Bei Membranen, die im Bereich niedriger Feed- und CO2-Partialdrücke eingesetzt werden (< 1 bar), ist der reaktive Transport über Hydrogencarbonat der wesentliche Mechanismus. Bei Membranen für diesen Druckbereich, deren Einsatzgebiet vor allem in der CO2-Abtrennung aus Rauchgasströmen und bei biologischen Prozessen zu sehen ist, sind weitere Effektivitätssteigerungen im Vergleich zum Stand der Technik vor allem durch die Entwicklung von Katalysatorsystemen für die Hydrogencarbonatbildung denkbar. Zur Weiterentwicklung solcher Membran-Katalysator-Systeme wäre des weiteren auch eine genaüre Untersuchung der Zusammenhänge zwischen CO2 und Wassertransport- bzw. Reaktionsvorgängen in der Membran notwendig.

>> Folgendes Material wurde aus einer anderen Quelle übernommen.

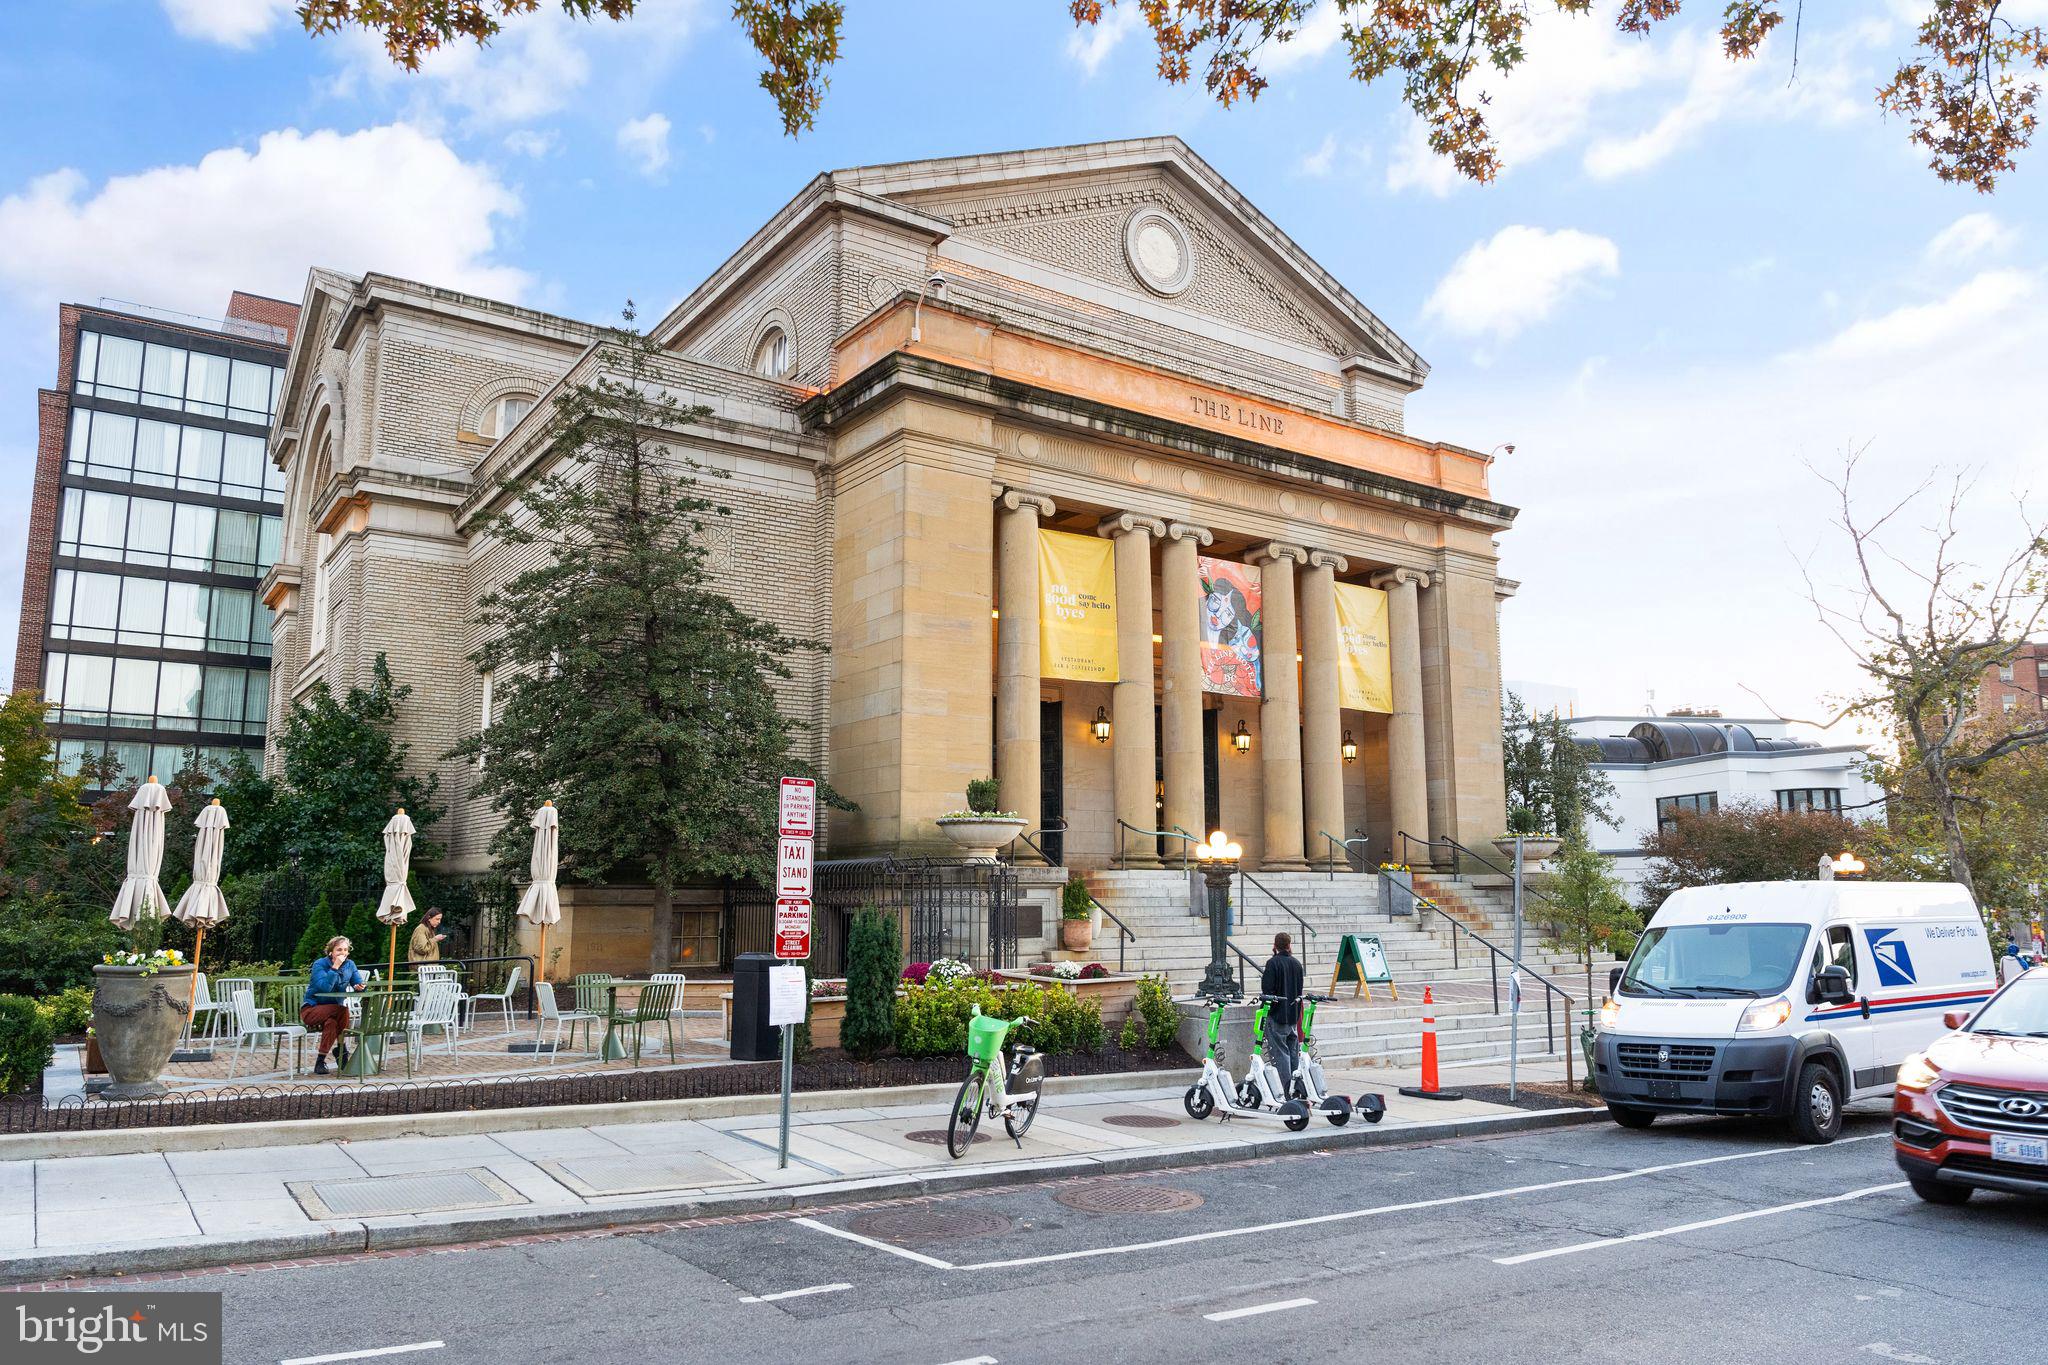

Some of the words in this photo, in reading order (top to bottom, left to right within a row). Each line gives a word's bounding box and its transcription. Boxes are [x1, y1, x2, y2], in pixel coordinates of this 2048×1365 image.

Bei Druckerhöhung geht der reaktive Charakter der Membranen verloren und die Trenneigenschaften werden immer mehr von den Eigenschaften des Gerüstpolymers der Membranmatrix bestimmt.

Je höher die in der Membran realisierte IEC ist, um so höher liegt auch der Druck, ab dem die Sättigungsphänomene den Anteil des reaktiven Transports vernachlässigbar machen. Wichtig ist es außerdem, die Membranmatrix hygroskopisch zu gestalten, so dass sie bei Druckerhöhung nicht so leicht austrocknet.

Bei einem Feeddruck von ca. 30 bar sind die in der Arbeit verwendeten Polymere auf Polyetherbasis bzw. PDMS die Polymere der Wahl, der reaktive Transport ist hier vernachlässigbar, entscheidend ist hierfür eine gute CO2-Permeabilität dessen gute Löslichkeit in der Polymermatrix. In diesem Druckbereich dürften aufgrund der diskutierten chemisch-physikalischen Gesetzmäßigkeiten kaum technische Verbesserungen möglich sein.